Work instruction: Without including the images, transcribe each record precisely as it appears below.

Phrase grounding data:
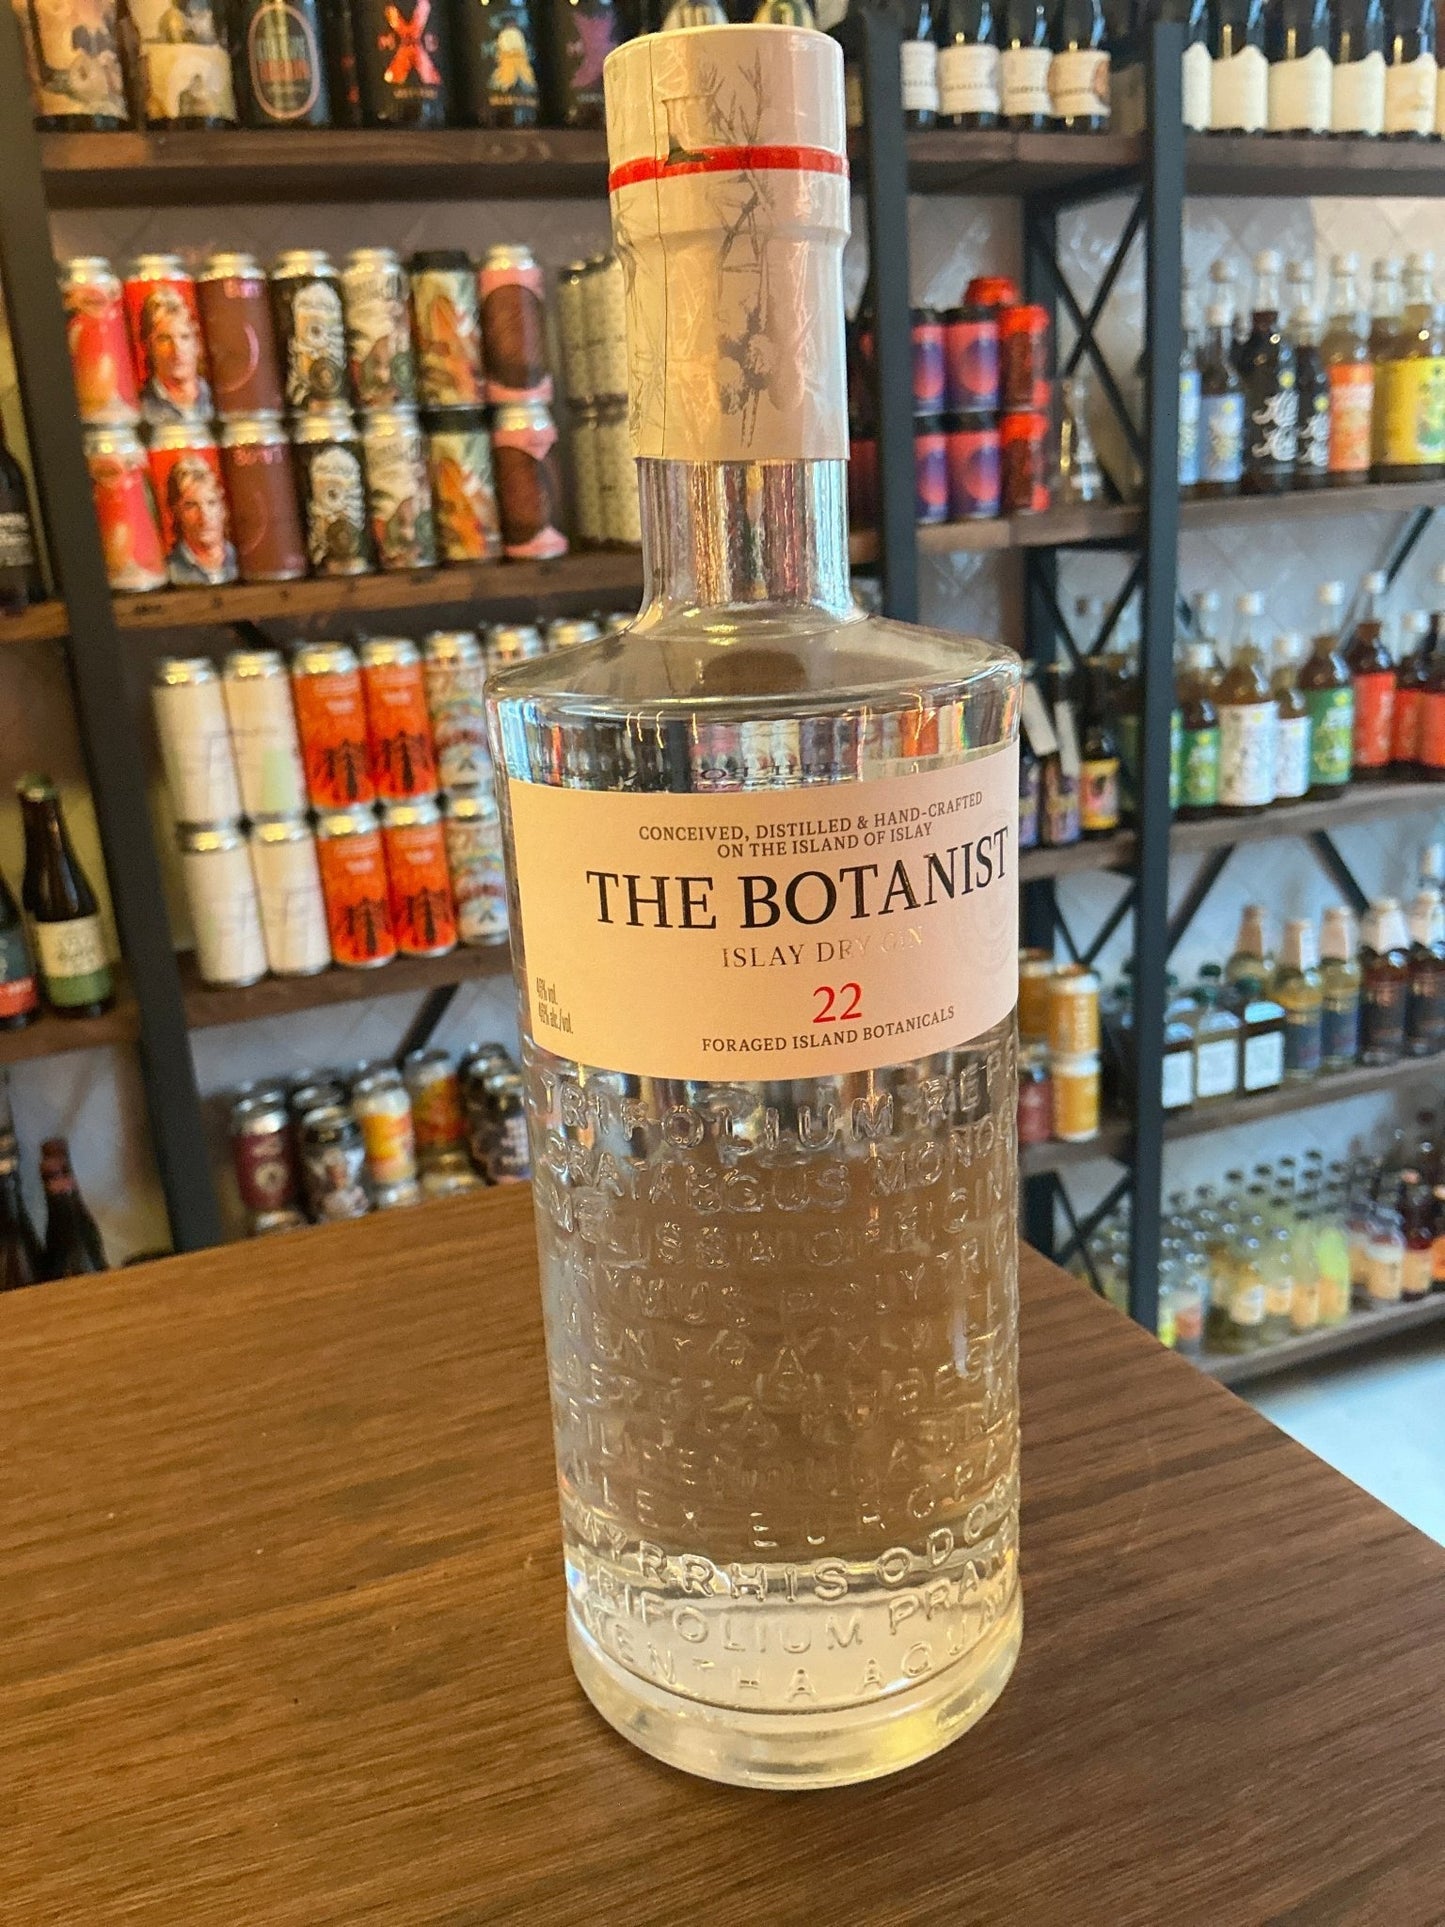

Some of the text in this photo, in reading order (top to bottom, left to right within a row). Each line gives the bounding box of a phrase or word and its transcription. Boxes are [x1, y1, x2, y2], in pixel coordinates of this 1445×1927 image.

[638, 790, 984, 844] CONCEIVED, DISTILLED & HAND-CRAFTED
[716, 821, 934, 858] ON THE ISLAND OF ISLAY
[586, 869, 718, 930] THE
[737, 825, 1010, 929] BOTANIST
[722, 943, 806, 968] ISLAY
[816, 934, 870, 964] DRY
[811, 981, 864, 1025] 22
[701, 1004, 956, 1053] FORAGED ISLAND BOTANICALS
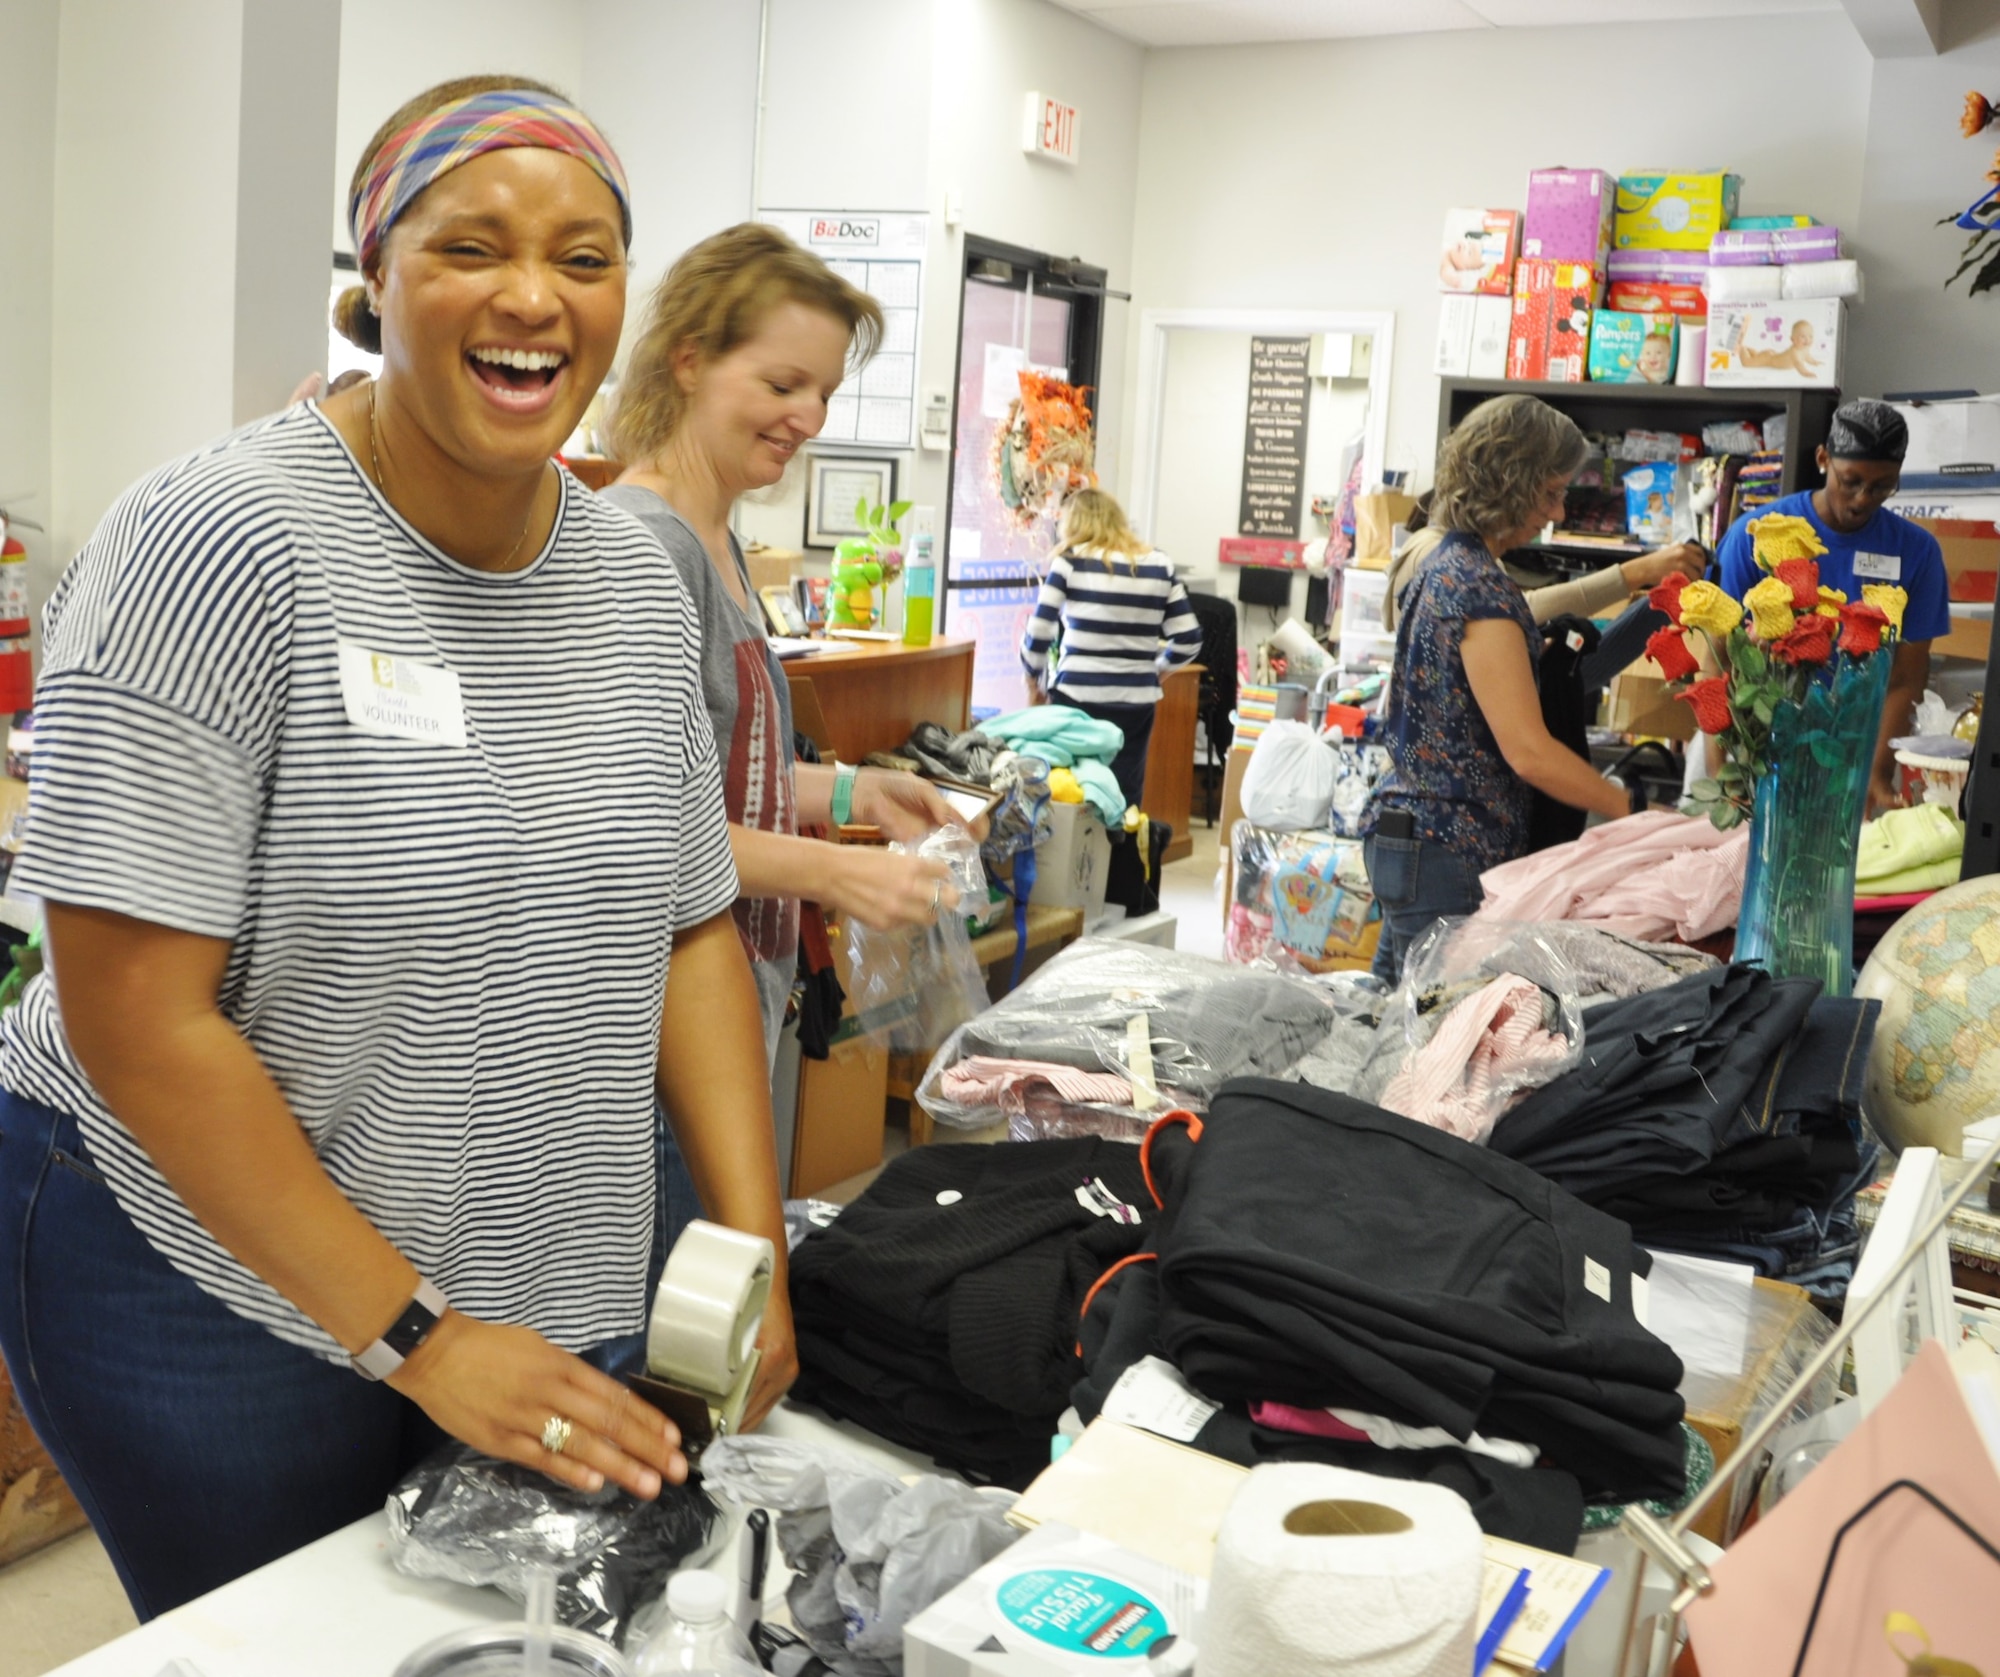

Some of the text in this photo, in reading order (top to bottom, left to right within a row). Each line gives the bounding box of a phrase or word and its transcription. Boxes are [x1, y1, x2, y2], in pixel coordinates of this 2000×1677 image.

Solved exercise:
Some of the text in this photo, in reading order (top to bottom, left to right within a row). Each line gives the bounding box of a phrase or word and its transcription. Boxes are [x1, y1, x2, y2], in pixel coordinates of this 1445×1927 image.

[638, 790, 984, 844] CONCEIVED, DISTILLED & HAND-CRAFTED
[716, 821, 934, 858] ON THE ISLAND OF ISLAY
[586, 869, 718, 930] THE
[737, 825, 1010, 929] BOTANIST
[722, 943, 806, 968] ISLAY
[816, 934, 870, 964] DRY
[811, 981, 864, 1025] 22
[701, 1004, 956, 1053] FORAGED ISLAND BOTANICALS

Some of the text in this photo, in reading order (top to bottom, left to right within a row). Each line gives the bounding box of a phrase or word and its transcription. Boxes are [x1, y1, x2, y2], in pixel coordinates of this 2000×1677 image.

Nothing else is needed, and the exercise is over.